## Task:
Identify the line in which "this 1500×1001 image." appears, then reproduce that line and all remaining lines of the records word for word.

----------

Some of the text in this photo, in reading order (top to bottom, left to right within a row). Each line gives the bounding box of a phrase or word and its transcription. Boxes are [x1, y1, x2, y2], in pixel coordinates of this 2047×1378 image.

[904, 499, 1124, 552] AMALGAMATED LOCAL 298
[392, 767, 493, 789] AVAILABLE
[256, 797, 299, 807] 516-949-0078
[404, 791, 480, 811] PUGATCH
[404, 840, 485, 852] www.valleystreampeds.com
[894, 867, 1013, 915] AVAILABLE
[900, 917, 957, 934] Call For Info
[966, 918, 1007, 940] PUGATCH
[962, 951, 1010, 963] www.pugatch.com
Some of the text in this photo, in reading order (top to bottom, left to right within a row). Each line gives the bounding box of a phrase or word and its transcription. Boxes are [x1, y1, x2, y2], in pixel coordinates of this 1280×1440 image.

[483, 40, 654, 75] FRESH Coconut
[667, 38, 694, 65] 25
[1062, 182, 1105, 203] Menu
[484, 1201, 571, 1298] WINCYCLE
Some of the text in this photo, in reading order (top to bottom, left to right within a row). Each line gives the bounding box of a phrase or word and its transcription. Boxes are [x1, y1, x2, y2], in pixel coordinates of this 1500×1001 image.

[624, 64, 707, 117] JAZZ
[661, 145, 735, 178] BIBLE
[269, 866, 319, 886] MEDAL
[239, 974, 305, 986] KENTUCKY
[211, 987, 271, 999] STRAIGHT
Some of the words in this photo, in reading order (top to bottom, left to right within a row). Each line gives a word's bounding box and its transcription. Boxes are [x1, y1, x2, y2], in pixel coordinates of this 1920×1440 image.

----------

## Worked solution:
Some of the text in this photo, in reading order (top to bottom, left to right within a row). Each line gives the bounding box of a phrase or word and its transcription. Boxes are [x1, y1, x2, y2], in pixel coordinates of this 1500×1001 image.

[624, 64, 707, 117] JAZZ
[661, 145, 735, 178] BIBLE
[269, 866, 319, 886] MEDAL
[239, 974, 305, 986] KENTUCKY
[211, 987, 271, 999] STRAIGHT
Some of the words in this photo, in reading order (top to bottom, left to right within a row). Each line gives a word's bounding box and its transcription. Boxes are [x1, y1, x2, y2], in pixel coordinates of this 1920×1440 image.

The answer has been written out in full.